LUBTON, Circuit Judge.

The defendants in error, John W. Pertz and George R. Stewart, partners under the name of Pertz & Stewart, are patentees and manufacturers of certain machines called “automatic separators.” These machines were adapted to be attached to the orifice of a natural gas well, and purported to separate the oil and water which came to the surface intermingled with the gas, and to do this work automatically. They claim to have sold 32 of these separators to the city of Findlay, a municipal corporation of the state of Ohio, which owned and operated a plant for the distribution of natural gas to consumers within that city. This action was brought by said Pertz & Stewart against the city of Findlay for a balance alleged to be due on account of the sale aforesaid. There was a judgment for the defendants in error, and to review that judgment this writ of error has been sued out.

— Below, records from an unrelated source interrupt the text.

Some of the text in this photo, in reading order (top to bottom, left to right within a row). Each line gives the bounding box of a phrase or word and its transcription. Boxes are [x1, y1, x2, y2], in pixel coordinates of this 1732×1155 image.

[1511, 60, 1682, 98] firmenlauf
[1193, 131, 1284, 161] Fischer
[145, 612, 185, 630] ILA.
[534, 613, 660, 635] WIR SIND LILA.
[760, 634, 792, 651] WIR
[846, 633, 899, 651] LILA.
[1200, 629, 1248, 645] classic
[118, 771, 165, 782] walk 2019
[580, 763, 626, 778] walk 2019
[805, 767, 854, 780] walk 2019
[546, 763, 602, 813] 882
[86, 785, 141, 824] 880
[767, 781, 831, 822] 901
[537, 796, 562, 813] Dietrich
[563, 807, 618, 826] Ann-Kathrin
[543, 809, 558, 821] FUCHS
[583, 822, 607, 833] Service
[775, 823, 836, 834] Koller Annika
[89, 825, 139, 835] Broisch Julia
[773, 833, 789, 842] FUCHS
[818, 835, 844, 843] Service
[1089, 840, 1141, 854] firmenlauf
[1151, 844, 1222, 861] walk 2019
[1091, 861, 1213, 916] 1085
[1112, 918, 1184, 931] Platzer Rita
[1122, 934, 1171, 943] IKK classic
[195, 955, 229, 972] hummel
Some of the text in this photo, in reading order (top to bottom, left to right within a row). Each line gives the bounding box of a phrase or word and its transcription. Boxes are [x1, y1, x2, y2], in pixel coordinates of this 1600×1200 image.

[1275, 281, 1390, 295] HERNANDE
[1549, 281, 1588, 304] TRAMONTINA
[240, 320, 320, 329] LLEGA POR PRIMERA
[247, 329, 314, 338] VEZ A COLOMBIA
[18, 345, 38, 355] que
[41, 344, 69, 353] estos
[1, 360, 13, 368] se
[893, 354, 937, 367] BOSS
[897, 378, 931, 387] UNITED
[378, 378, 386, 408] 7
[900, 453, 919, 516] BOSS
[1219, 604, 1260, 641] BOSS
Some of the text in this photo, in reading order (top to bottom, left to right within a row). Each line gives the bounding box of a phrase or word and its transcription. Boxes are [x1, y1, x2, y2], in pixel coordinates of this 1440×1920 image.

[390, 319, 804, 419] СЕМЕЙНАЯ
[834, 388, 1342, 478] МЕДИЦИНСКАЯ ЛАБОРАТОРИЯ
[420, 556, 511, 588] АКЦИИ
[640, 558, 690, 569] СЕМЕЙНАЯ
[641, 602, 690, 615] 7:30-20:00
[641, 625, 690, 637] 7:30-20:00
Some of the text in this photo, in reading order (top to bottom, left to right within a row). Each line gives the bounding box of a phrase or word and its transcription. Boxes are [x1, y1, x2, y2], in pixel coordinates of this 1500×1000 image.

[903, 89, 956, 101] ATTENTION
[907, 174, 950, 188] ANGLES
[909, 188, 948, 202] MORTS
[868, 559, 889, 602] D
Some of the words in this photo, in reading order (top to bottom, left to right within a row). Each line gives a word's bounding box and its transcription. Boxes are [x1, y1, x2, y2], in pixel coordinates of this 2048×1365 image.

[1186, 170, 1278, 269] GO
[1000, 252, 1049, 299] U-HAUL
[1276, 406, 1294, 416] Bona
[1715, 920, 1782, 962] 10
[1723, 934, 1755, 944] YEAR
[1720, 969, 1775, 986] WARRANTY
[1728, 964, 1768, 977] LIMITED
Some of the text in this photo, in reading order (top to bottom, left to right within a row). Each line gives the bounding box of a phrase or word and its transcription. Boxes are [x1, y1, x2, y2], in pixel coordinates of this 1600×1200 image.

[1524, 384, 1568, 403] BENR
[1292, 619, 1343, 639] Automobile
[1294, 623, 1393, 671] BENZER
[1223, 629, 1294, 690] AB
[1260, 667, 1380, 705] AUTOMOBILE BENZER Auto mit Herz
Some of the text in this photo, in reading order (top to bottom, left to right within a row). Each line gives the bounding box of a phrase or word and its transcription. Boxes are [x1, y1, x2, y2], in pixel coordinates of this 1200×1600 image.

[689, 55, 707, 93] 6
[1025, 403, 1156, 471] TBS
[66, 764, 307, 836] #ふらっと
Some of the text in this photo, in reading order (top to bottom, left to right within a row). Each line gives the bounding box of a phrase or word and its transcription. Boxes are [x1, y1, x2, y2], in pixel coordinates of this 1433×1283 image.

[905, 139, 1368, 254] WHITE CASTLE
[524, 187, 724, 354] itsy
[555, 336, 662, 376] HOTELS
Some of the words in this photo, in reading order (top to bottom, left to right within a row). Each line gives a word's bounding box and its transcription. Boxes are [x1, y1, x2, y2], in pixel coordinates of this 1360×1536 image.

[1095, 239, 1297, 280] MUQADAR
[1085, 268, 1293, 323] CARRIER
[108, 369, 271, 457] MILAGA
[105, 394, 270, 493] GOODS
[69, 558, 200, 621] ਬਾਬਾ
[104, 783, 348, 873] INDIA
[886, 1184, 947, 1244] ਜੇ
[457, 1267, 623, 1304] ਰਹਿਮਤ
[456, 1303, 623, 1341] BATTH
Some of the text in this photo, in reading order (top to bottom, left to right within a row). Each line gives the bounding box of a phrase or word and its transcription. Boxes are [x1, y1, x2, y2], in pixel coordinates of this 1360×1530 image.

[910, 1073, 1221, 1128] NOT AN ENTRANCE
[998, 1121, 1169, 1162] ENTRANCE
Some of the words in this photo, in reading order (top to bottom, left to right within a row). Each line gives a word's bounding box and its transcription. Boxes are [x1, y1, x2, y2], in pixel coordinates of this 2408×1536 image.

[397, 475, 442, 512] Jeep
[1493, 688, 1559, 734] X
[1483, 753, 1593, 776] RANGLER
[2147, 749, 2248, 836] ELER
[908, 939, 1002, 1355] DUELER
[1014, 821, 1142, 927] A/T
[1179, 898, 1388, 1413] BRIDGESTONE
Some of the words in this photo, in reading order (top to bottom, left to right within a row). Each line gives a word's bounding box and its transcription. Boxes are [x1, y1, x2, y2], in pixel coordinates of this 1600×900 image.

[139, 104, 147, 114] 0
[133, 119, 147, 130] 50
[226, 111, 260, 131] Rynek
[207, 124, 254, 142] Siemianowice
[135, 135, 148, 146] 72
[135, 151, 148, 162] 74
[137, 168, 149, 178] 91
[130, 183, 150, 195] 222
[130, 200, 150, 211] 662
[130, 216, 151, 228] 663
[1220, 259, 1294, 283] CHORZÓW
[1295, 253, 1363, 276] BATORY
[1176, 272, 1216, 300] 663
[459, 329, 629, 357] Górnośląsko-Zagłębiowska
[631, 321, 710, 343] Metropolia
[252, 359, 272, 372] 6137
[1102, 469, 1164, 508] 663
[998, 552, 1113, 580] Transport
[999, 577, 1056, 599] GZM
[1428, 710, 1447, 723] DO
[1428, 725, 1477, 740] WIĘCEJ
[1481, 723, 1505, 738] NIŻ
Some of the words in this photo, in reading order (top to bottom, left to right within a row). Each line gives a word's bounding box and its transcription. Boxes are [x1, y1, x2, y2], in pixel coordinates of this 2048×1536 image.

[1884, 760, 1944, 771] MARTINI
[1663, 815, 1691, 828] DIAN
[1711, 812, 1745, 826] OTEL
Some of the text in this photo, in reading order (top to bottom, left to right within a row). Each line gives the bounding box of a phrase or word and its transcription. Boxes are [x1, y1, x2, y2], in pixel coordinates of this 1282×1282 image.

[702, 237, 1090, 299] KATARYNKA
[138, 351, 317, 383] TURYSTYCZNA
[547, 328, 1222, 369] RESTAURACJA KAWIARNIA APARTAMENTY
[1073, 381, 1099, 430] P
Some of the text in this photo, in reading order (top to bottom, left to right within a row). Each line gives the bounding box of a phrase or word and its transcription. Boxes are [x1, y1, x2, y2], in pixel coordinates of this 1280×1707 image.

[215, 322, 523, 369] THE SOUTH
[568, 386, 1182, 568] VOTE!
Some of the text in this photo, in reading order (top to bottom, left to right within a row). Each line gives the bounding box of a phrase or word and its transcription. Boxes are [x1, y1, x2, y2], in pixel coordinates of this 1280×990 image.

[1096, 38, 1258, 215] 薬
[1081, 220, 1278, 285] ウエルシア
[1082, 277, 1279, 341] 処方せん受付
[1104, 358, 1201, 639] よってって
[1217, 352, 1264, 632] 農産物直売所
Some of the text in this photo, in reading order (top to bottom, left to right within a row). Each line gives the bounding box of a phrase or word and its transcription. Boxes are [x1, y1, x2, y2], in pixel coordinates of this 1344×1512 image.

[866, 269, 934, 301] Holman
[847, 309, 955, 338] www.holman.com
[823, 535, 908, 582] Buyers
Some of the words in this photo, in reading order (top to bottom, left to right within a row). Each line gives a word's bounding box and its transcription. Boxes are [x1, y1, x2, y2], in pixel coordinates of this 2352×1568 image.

A former judgment in favor of the defendants in error upon the same account was reversed by this court for reasons fully appearing in an opinion of this court then delivered, and reported in 13 C. C. A. 559, 66 Fed. 427 et seq. The defenses against the action upon the former trial are fully set out and discussed in the former opinion of this court, and need not be again here stated, except in so far as shall appear necessary to the determination of the questions involved upon the present writ of error.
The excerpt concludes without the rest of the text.